Could you copy every record exactly as it appears?

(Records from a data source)
--------

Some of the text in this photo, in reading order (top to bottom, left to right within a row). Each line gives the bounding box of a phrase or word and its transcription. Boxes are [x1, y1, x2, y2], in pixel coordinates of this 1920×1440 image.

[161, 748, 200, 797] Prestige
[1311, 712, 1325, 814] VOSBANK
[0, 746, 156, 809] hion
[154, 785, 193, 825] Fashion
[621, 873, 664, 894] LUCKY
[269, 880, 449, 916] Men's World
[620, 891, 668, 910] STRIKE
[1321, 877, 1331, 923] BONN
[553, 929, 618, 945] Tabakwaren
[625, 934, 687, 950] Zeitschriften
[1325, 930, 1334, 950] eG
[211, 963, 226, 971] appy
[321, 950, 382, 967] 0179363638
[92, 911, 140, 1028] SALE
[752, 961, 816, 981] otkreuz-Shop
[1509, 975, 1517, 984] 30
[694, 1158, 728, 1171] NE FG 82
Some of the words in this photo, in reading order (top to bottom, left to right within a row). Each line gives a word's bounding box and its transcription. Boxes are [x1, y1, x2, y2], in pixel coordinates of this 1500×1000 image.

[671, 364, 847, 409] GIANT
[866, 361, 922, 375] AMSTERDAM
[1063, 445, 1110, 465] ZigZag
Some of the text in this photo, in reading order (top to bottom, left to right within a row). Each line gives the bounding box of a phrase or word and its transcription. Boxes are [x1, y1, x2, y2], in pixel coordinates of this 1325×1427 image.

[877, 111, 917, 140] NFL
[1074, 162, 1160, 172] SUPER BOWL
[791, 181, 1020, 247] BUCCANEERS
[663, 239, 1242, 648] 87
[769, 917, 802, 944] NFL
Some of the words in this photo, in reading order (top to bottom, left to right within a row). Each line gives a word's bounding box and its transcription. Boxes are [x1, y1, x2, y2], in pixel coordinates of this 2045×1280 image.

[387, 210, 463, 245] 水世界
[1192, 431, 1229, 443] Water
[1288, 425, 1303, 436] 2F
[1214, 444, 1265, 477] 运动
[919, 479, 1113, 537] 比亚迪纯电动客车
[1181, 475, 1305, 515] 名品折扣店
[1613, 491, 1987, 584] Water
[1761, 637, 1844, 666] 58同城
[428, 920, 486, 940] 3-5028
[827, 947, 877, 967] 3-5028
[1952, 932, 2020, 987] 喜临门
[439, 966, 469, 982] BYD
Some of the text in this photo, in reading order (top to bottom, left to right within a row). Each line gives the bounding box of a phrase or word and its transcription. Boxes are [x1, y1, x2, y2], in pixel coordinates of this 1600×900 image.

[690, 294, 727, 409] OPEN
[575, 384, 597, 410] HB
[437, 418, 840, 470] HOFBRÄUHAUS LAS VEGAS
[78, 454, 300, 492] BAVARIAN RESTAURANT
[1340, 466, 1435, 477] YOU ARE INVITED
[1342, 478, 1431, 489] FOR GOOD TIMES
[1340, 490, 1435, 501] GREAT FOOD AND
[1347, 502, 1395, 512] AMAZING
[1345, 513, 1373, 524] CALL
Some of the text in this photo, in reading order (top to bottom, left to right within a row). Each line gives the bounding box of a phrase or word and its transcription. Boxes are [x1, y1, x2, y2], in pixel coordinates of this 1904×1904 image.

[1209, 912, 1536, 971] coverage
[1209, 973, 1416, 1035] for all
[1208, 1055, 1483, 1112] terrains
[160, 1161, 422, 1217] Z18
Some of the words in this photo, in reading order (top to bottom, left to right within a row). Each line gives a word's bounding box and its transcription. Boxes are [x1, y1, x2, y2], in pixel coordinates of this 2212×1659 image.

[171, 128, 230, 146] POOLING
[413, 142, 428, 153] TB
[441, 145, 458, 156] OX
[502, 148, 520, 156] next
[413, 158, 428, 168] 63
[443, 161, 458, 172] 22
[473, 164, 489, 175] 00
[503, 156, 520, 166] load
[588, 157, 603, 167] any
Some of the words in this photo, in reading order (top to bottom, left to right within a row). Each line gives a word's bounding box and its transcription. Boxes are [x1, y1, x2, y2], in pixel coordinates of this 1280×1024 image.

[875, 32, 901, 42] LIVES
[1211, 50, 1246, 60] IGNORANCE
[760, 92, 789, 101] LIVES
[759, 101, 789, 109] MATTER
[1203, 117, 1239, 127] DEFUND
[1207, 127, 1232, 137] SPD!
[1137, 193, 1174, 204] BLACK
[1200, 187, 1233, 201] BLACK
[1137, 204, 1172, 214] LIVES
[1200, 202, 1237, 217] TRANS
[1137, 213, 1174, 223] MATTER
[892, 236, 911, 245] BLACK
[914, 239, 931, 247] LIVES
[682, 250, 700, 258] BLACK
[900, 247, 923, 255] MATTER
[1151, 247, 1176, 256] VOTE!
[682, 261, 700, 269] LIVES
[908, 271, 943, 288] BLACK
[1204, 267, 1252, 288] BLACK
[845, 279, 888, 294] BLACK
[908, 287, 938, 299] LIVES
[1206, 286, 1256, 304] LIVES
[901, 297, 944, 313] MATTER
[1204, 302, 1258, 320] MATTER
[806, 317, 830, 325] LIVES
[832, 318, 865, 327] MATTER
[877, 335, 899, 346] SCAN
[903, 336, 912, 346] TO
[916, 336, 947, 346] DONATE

--------

Written response:
Some of the text in this photo, in reading order (top to bottom, left to right within a row). Each line gives the bounding box of a phrase or word and its transcription. Boxes are [x1, y1, x2, y2], in pixel coordinates of this 1920×1440 image.

[161, 748, 200, 797] Prestige
[1311, 712, 1325, 814] VOSBANK
[0, 746, 156, 809] hion
[154, 785, 193, 825] Fashion
[621, 873, 664, 894] LUCKY
[269, 880, 449, 916] Men's World
[620, 891, 668, 910] STRIKE
[1321, 877, 1331, 923] BONN
[553, 929, 618, 945] Tabakwaren
[625, 934, 687, 950] Zeitschriften
[1325, 930, 1334, 950] eG
[211, 963, 226, 971] appy
[321, 950, 382, 967] 0179363638
[92, 911, 140, 1028] SALE
[752, 961, 816, 981] otkreuz-Shop
[1509, 975, 1517, 984] 30
[694, 1158, 728, 1171] NE FG 82
Some of the words in this photo, in reading order (top to bottom, left to right within a row). Each line gives a word's bounding box and its transcription. Boxes are [x1, y1, x2, y2], in pixel coordinates of this 1500×1000 image.

[671, 364, 847, 409] GIANT
[866, 361, 922, 375] AMSTERDAM
[1063, 445, 1110, 465] ZigZag
Some of the text in this photo, in reading order (top to bottom, left to right within a row). Each line gives the bounding box of a phrase or word and its transcription. Boxes are [x1, y1, x2, y2], in pixel coordinates of this 1325×1427 image.

[877, 111, 917, 140] NFL
[1074, 162, 1160, 172] SUPER BOWL
[791, 181, 1020, 247] BUCCANEERS
[663, 239, 1242, 648] 87
[769, 917, 802, 944] NFL
Some of the words in this photo, in reading order (top to bottom, left to right within a row). Each line gives a word's bounding box and its transcription. Boxes are [x1, y1, x2, y2], in pixel coordinates of this 2045×1280 image.

[387, 210, 463, 245] 水世界
[1192, 431, 1229, 443] Water
[1288, 425, 1303, 436] 2F
[1214, 444, 1265, 477] 运动
[919, 479, 1113, 537] 比亚迪纯电动客车
[1181, 475, 1305, 515] 名品折扣店
[1613, 491, 1987, 584] Water
[1761, 637, 1844, 666] 58同城
[428, 920, 486, 940] 3-5028
[827, 947, 877, 967] 3-5028
[1952, 932, 2020, 987] 喜临门
[439, 966, 469, 982] BYD
Some of the text in this photo, in reading order (top to bottom, left to right within a row). Each line gives the bounding box of a phrase or word and its transcription. Boxes are [x1, y1, x2, y2], in pixel coordinates of this 1600×900 image.

[690, 294, 727, 409] OPEN
[575, 384, 597, 410] HB
[437, 418, 840, 470] HOFBRÄUHAUS LAS VEGAS
[78, 454, 300, 492] BAVARIAN RESTAURANT
[1340, 466, 1435, 477] YOU ARE INVITED
[1342, 478, 1431, 489] FOR GOOD TIMES
[1340, 490, 1435, 501] GREAT FOOD AND
[1347, 502, 1395, 512] AMAZING
[1345, 513, 1373, 524] CALL
Some of the text in this photo, in reading order (top to bottom, left to right within a row). Each line gives the bounding box of a phrase or word and its transcription. Boxes are [x1, y1, x2, y2], in pixel coordinates of this 1904×1904 image.

[1209, 912, 1536, 971] coverage
[1209, 973, 1416, 1035] for all
[1208, 1055, 1483, 1112] terrains
[160, 1161, 422, 1217] Z18
Some of the words in this photo, in reading order (top to bottom, left to right within a row). Each line gives a word's bounding box and its transcription. Boxes are [x1, y1, x2, y2], in pixel coordinates of this 2212×1659 image.

[171, 128, 230, 146] POOLING
[413, 142, 428, 153] TB
[441, 145, 458, 156] OX
[502, 148, 520, 156] next
[413, 158, 428, 168] 63
[443, 161, 458, 172] 22
[473, 164, 489, 175] 00
[503, 156, 520, 166] load
[588, 157, 603, 167] any
Some of the words in this photo, in reading order (top to bottom, left to right within a row). Each line gives a word's bounding box and its transcription. Boxes are [x1, y1, x2, y2], in pixel coordinates of this 1280×1024 image.

[875, 32, 901, 42] LIVES
[1211, 50, 1246, 60] IGNORANCE
[760, 92, 789, 101] LIVES
[759, 101, 789, 109] MATTER
[1203, 117, 1239, 127] DEFUND
[1207, 127, 1232, 137] SPD!
[1137, 193, 1174, 204] BLACK
[1200, 187, 1233, 201] BLACK
[1137, 204, 1172, 214] LIVES
[1200, 202, 1237, 217] TRANS
[1137, 213, 1174, 223] MATTER
[892, 236, 911, 245] BLACK
[914, 239, 931, 247] LIVES
[682, 250, 700, 258] BLACK
[900, 247, 923, 255] MATTER
[1151, 247, 1176, 256] VOTE!
[682, 261, 700, 269] LIVES
[908, 271, 943, 288] BLACK
[1204, 267, 1252, 288] BLACK
[845, 279, 888, 294] BLACK
[908, 287, 938, 299] LIVES
[1206, 286, 1256, 304] LIVES
[901, 297, 944, 313] MATTER
[1204, 302, 1258, 320] MATTER
[806, 317, 830, 325] LIVES
[832, 318, 865, 327] MATTER
[877, 335, 899, 346] SCAN
[903, 336, 912, 346] TO
[916, 336, 947, 346] DONATE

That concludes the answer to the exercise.